After recovering her health, Ada continued writing. The Art of Preserving Love is her first work of fiction, although it is set in a real place and time. Ada Langton hates research, so she didn’t set out to write a book set in history. Instead, “I wrote a book, and went and found the history when I needed it.” One aspect of this process was finding stories that weren’t generally taught in history classes, such as the Prince of Wales visiting Australia in 1920 and elegantly surviving a train crash. This is even better because it really happened, as Ada explained: “the imagery was so wonderful of him stepping out of this catastrophe with his cocktail shaker and his papers.”
The Art of Preserving Love is set in a fictional Ballarat from 1905 to 1924. Ada sees the romance in the book as the romance of the past, of handwritten letters on thick creamy paper, saying, “I wanted it to be a book about love, not a book about romance, except for romance of the past because it enables us to look at what we might have lost.” The book itself is a love letter to Ballarat.

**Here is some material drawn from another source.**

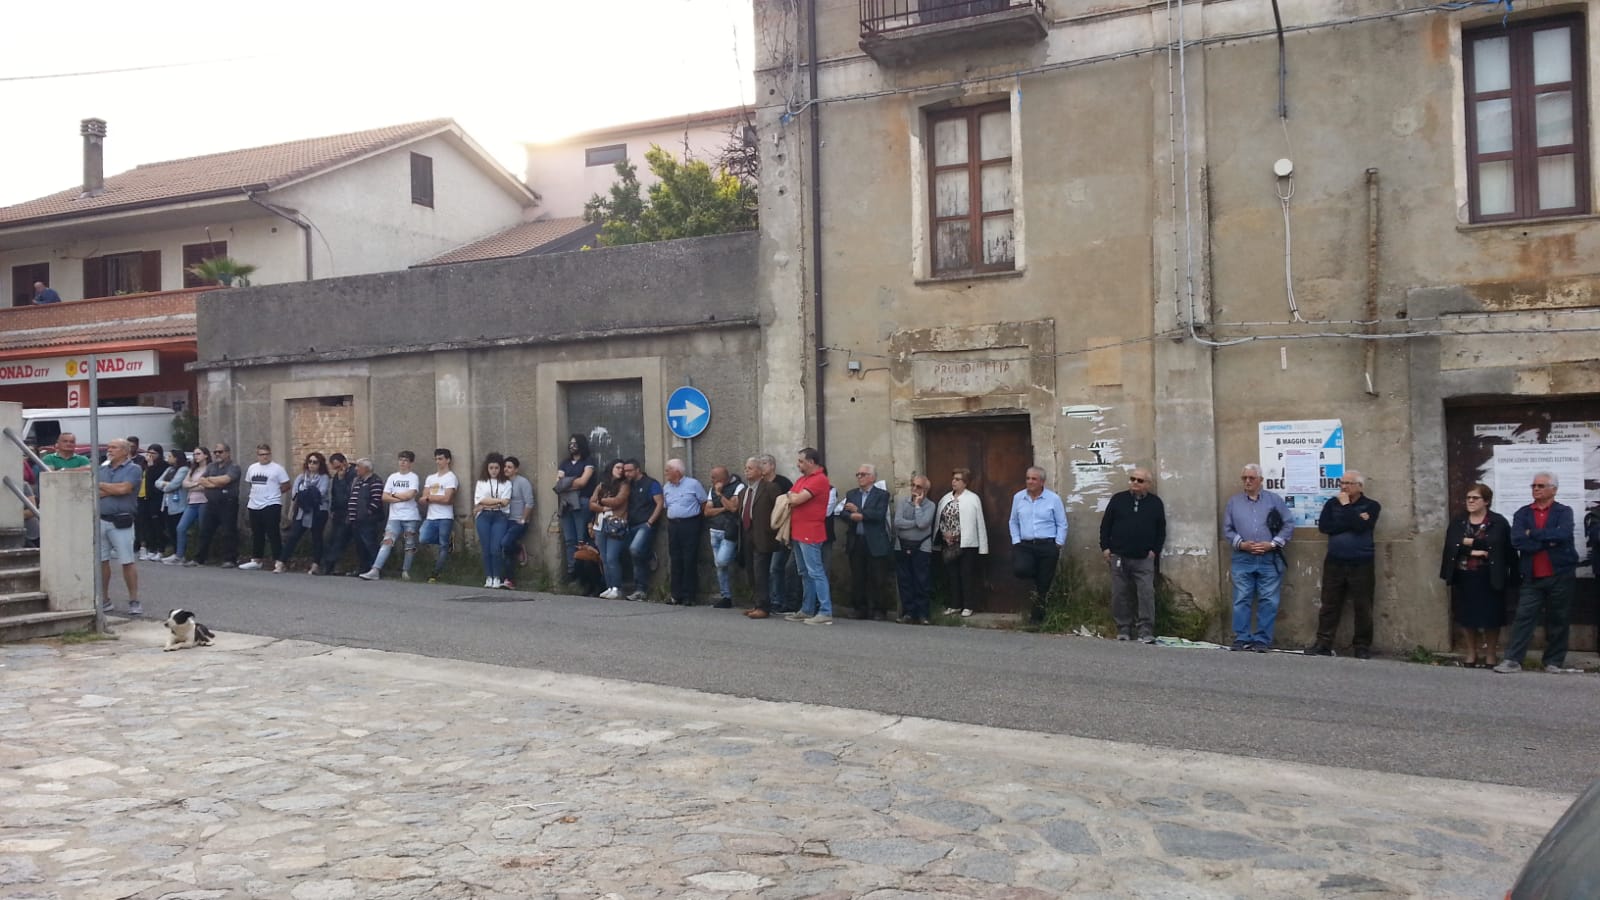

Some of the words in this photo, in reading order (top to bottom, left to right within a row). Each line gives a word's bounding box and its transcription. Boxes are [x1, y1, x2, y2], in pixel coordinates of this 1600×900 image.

Lake Wendouree was a favourite landmark, as it says in the book, “The town is proud of the lake they created from a mosquito-ridden swamp.” The book crosses genres and styles. It has a number of love stories within its pages, but at its core, this is the story of a woman from the age of nineteen through thirty-seven, her much younger sister, their father, and their housemaid. The family influences the lives of those around them, and as the perspective shifts, we see how these interactions affect others in their town and beyond. The writing style is immediately playful and immersive. Each chapter has a small description after the title, with a teaser of what to expect, as with this wonderful line: “When the weather is the only thing that is fine.”
“The Art of Preserving Love” is published by Harlequin Press and is available now.